Fourth
Sunday of Lent, March 14, 2021
watch here - https://www.youtube.com/watch?v=x8lEop4wGho
I thought about comparing the death of Jesus on the cross
with the COVID-19 Vaccines now available.
The vaccines give us hope that we can beat this disease that has killed
so many people worldwide. When we commit
to Jesus, is that being vaccinated against sin?
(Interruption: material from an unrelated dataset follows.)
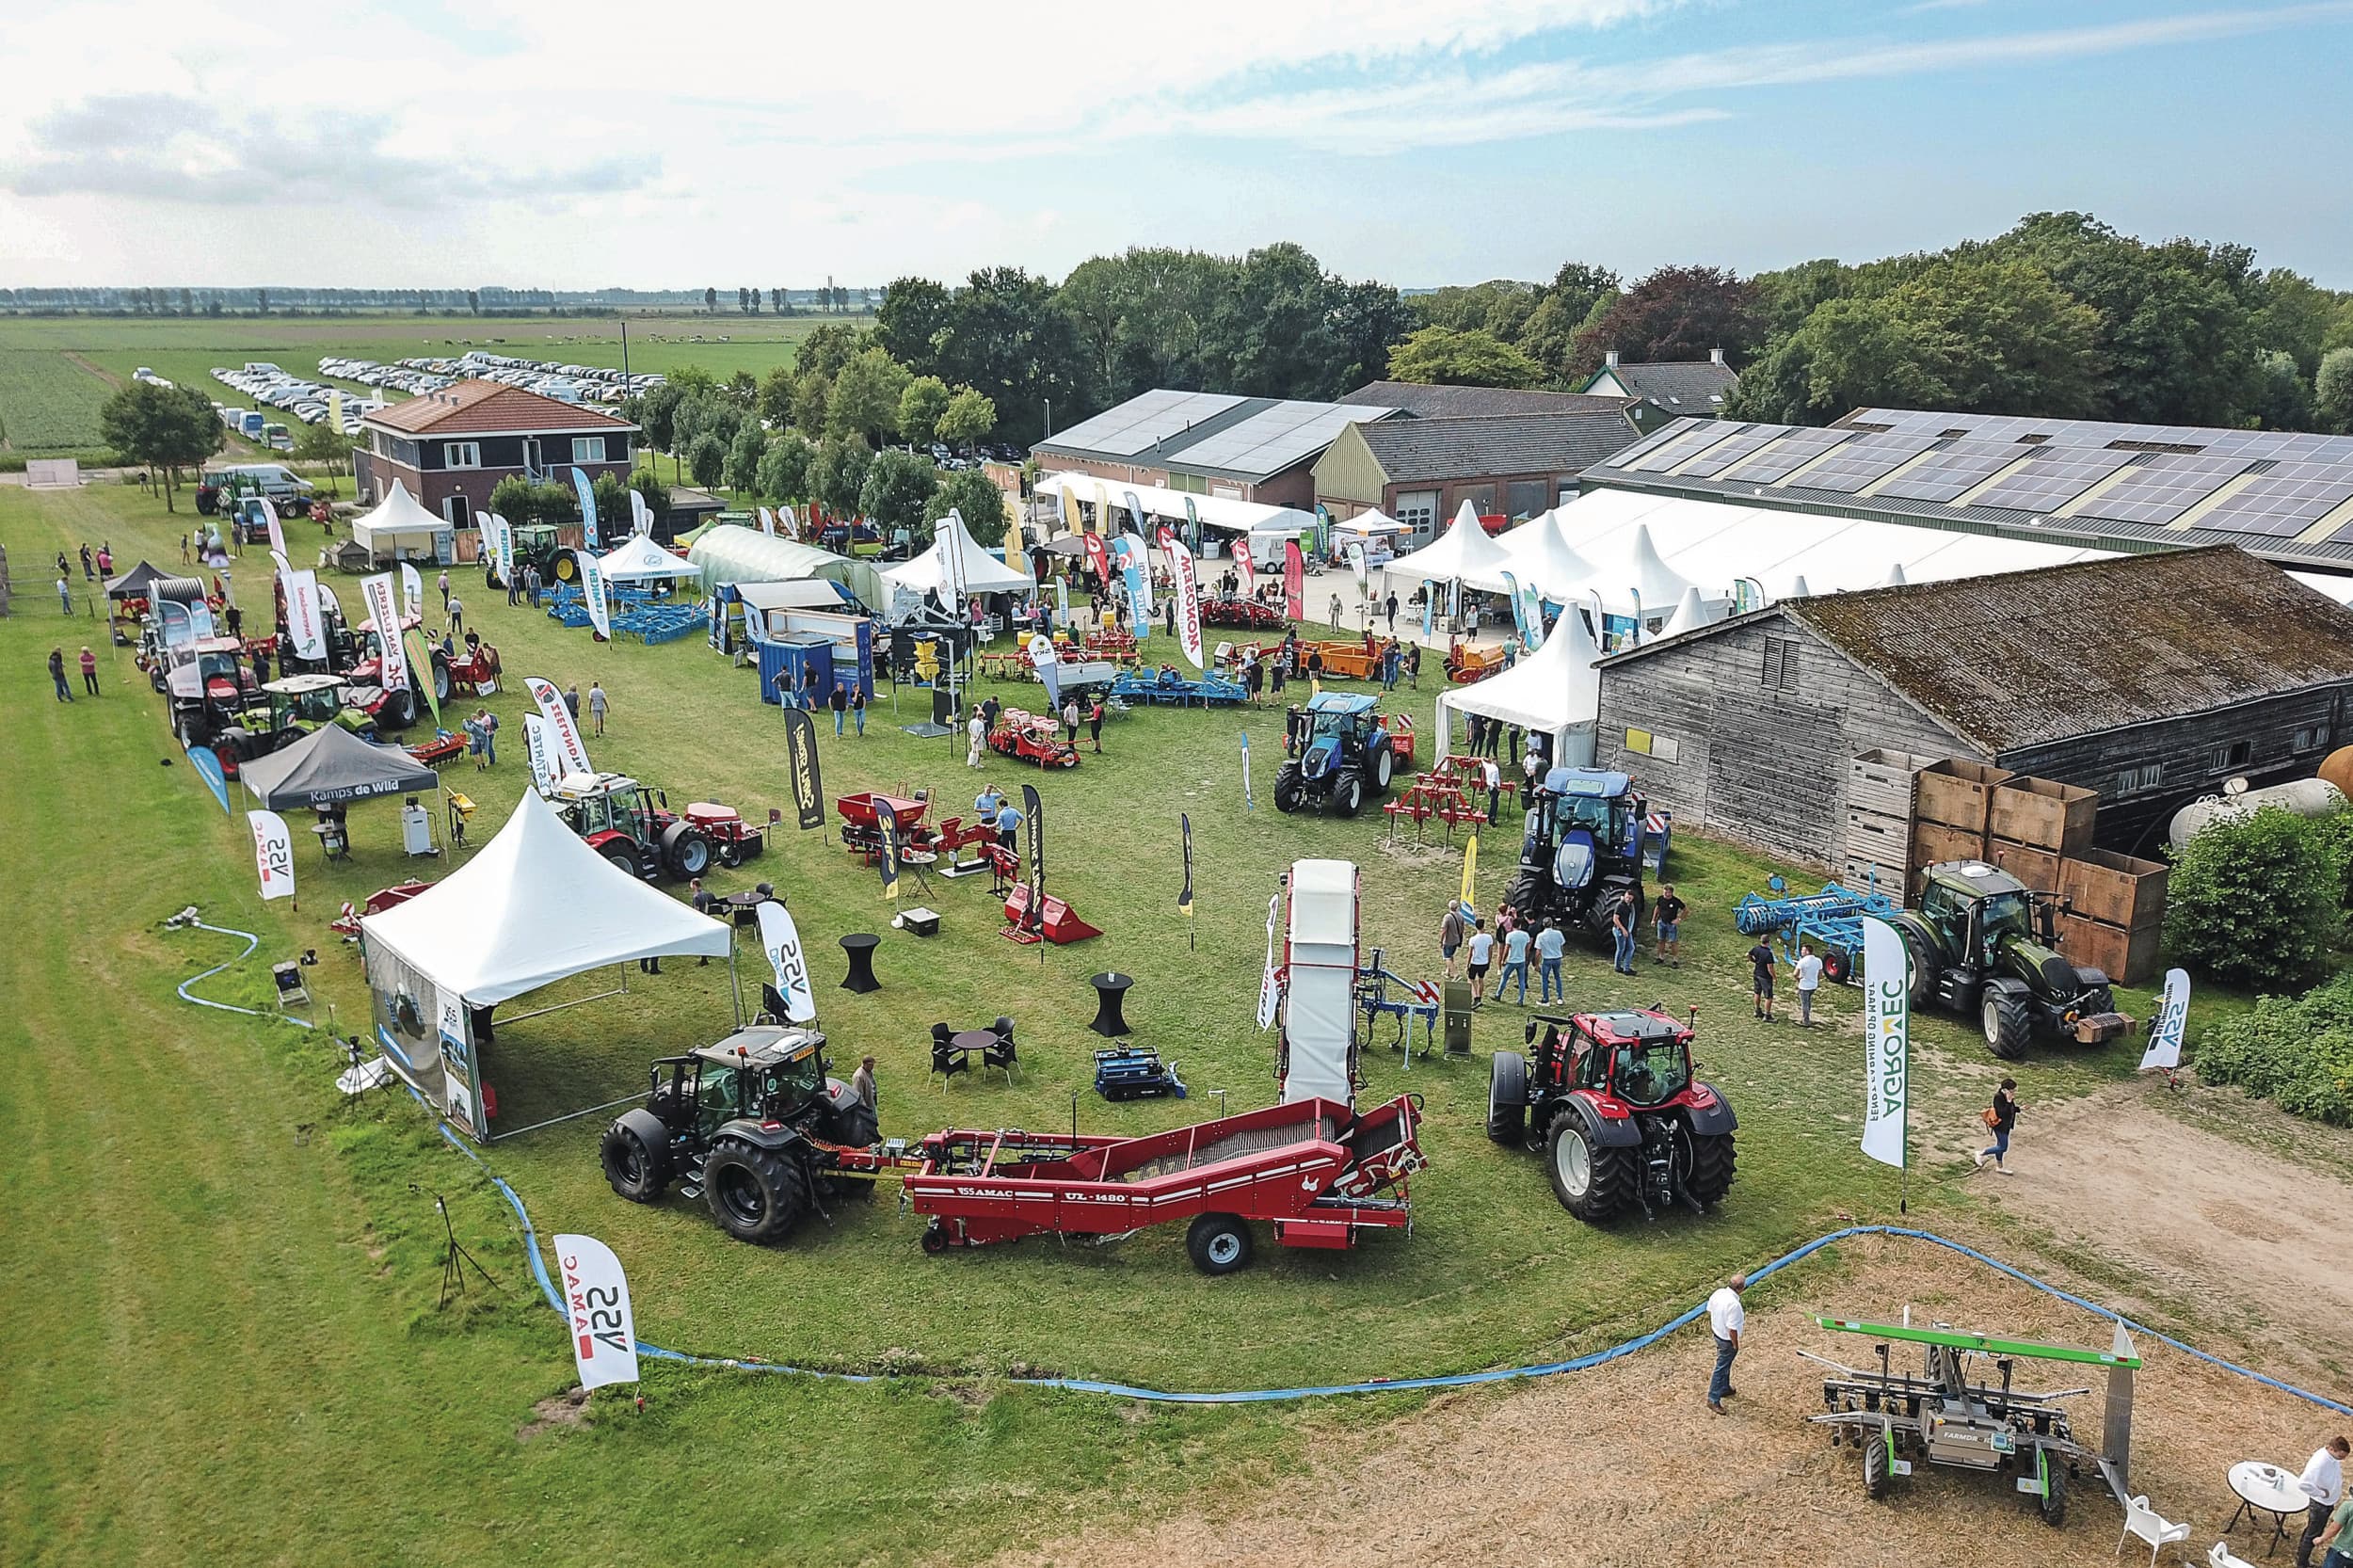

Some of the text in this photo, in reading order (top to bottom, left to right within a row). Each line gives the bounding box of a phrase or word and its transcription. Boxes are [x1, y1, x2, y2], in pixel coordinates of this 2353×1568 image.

[310, 779, 399, 802] Kamps de Wild
Wanting to get the analogy
right, I went to the source of all-knowing, Google, and typed in “What do vaccines
do?” Up popped the answer. “Vaccines train our immune systems to create
proteins that fight disease, known as ‘antibodies’, just as would happen when
we are exposed to a disease but – crucially – vaccines work without making us
sick.”[i] The vaccine doesn’t protect us against
COVID-19. The vaccine readies our own
bodies to protect us.
I could see immediately that there is no analogy
there. The vaccines help our own bodies
fight off disease. There’s no vaccine
for the disease of sin. There’s no
spiritual program to which we can commit or ritual we can undergo that will
ward off sin or its effects. We all
sin. Sin kills and there’s nothing
anyone can do it about it, not even God.
Instead, what God does, something only God can do, is take the inevitable
death sin brings on himself. Jesus’
death on the cross is God’s son, the Second Person of the Trinity inhabiting
human form, dying the death brought about by the sins we all commit. There’s no vaccine for sin.
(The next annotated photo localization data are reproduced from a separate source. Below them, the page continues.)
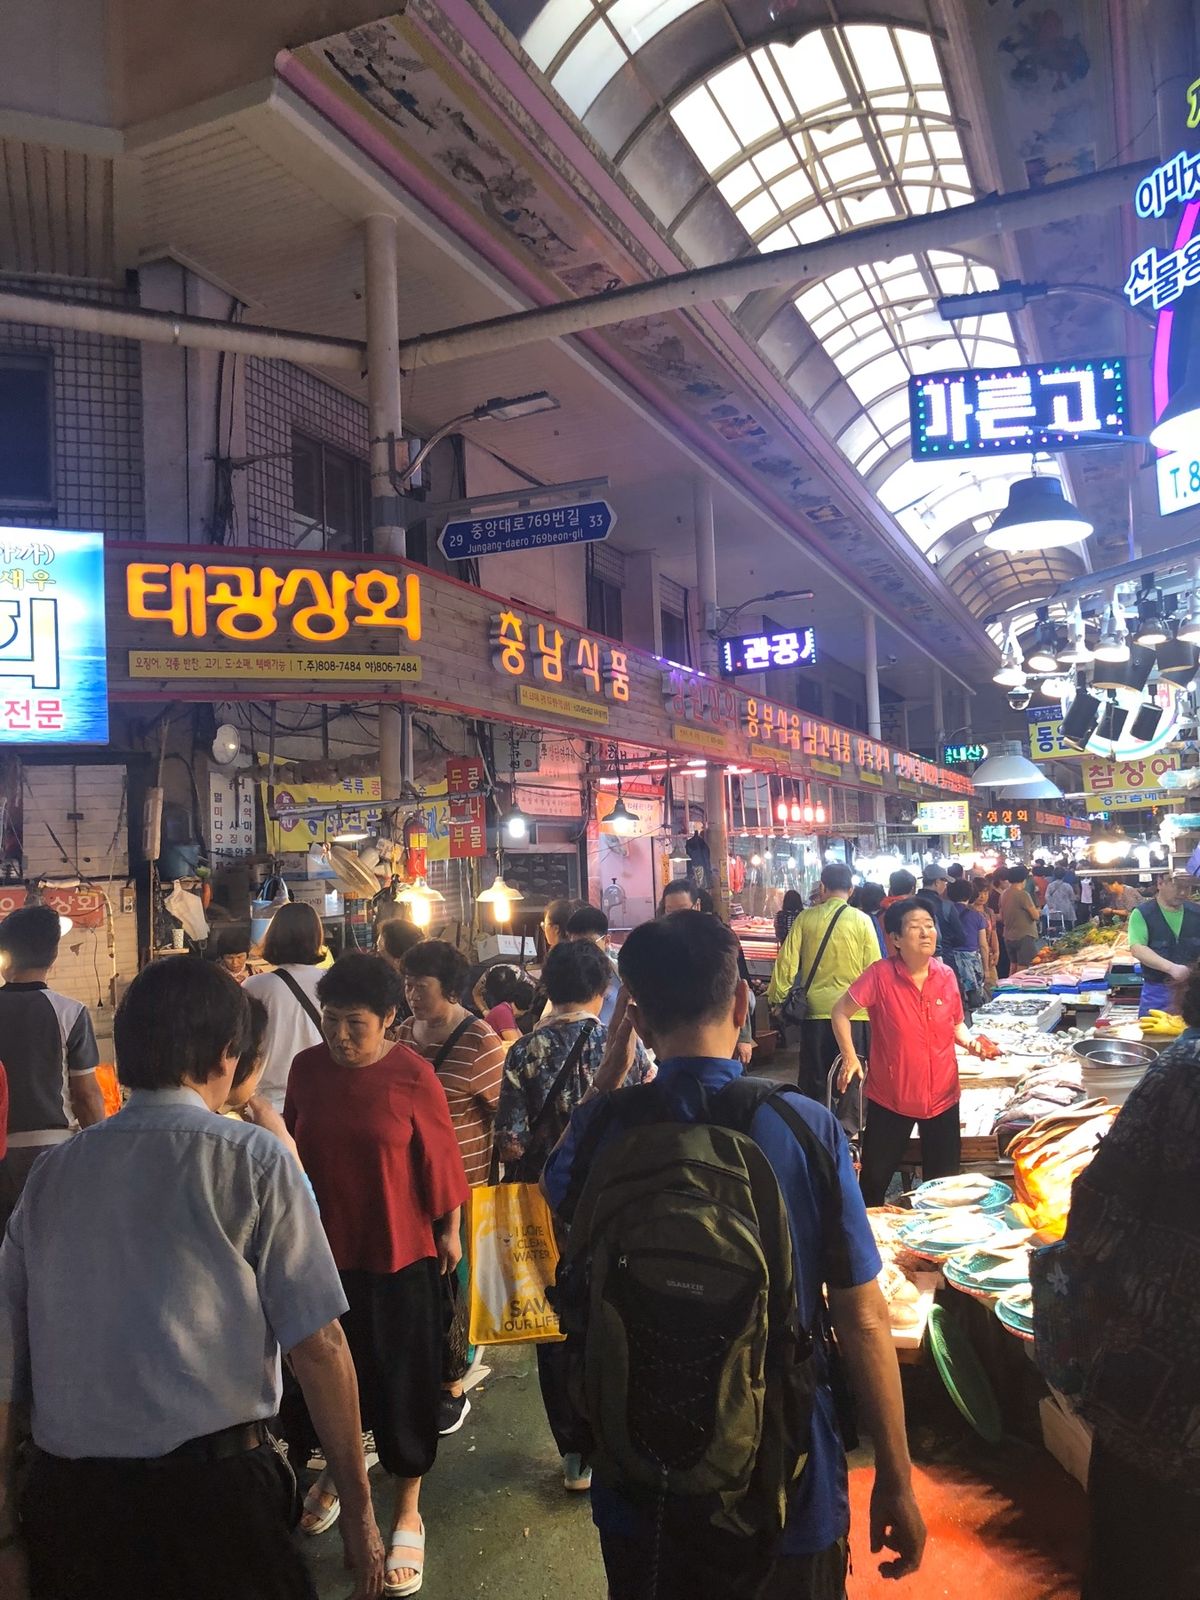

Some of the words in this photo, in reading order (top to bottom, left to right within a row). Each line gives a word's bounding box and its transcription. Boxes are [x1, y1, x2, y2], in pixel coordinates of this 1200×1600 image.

[471, 508, 580, 540] 중앙대로769번길
[588, 514, 603, 528] 33
[450, 534, 464, 547] 29
[467, 538, 529, 554] Jungang-daero
[531, 529, 584, 545] 769beon-gil
[126, 562, 422, 642] 태광상회
[165, 657, 180, 671] 각종
[255, 658, 286, 672] 택배가능
[498, 610, 630, 702] 충남식품
[4, 699, 63, 729] 전문
[1088, 757, 1176, 790] 참상어
[510, 1296, 549, 1317] SAV
[504, 1319, 533, 1332] OUR
Instead, there is salvation from God. As we see in John 3, this salvation is as
radical we could imagine. The story is
told through the eyes of a religious leader, a Pharisees named Nicodemus who comes
to see Jesus. Pharisees were often
antagonistic to Jesus. Maybe Nicodemus
visited at night so his Pharisee peers wouldn’t know he was genuinely seeking
God’s truth and he thought Jesus had it.
“Rabbi, we know you … have come from God” Nicodemus says. Jesus responds by explaining that he,
Nicodemus, and all people must be born again. The Pharisee does not
understand. So, Jesus sets the story in
within the flow of Israel’s grand narrative.
The original readers of John’s Gospel would have read with
Israel’s story in mind. The very first
community to read John as scripture was probably a group of Christ-followers in
Ephesus between 80 and 100 A.D. They
knew all the Old Testament stories. They
also believed Jesus was the son of God, God in the flesh, crucified, and
resurrected. They believed he had
fulfilled the promises of the Old testament.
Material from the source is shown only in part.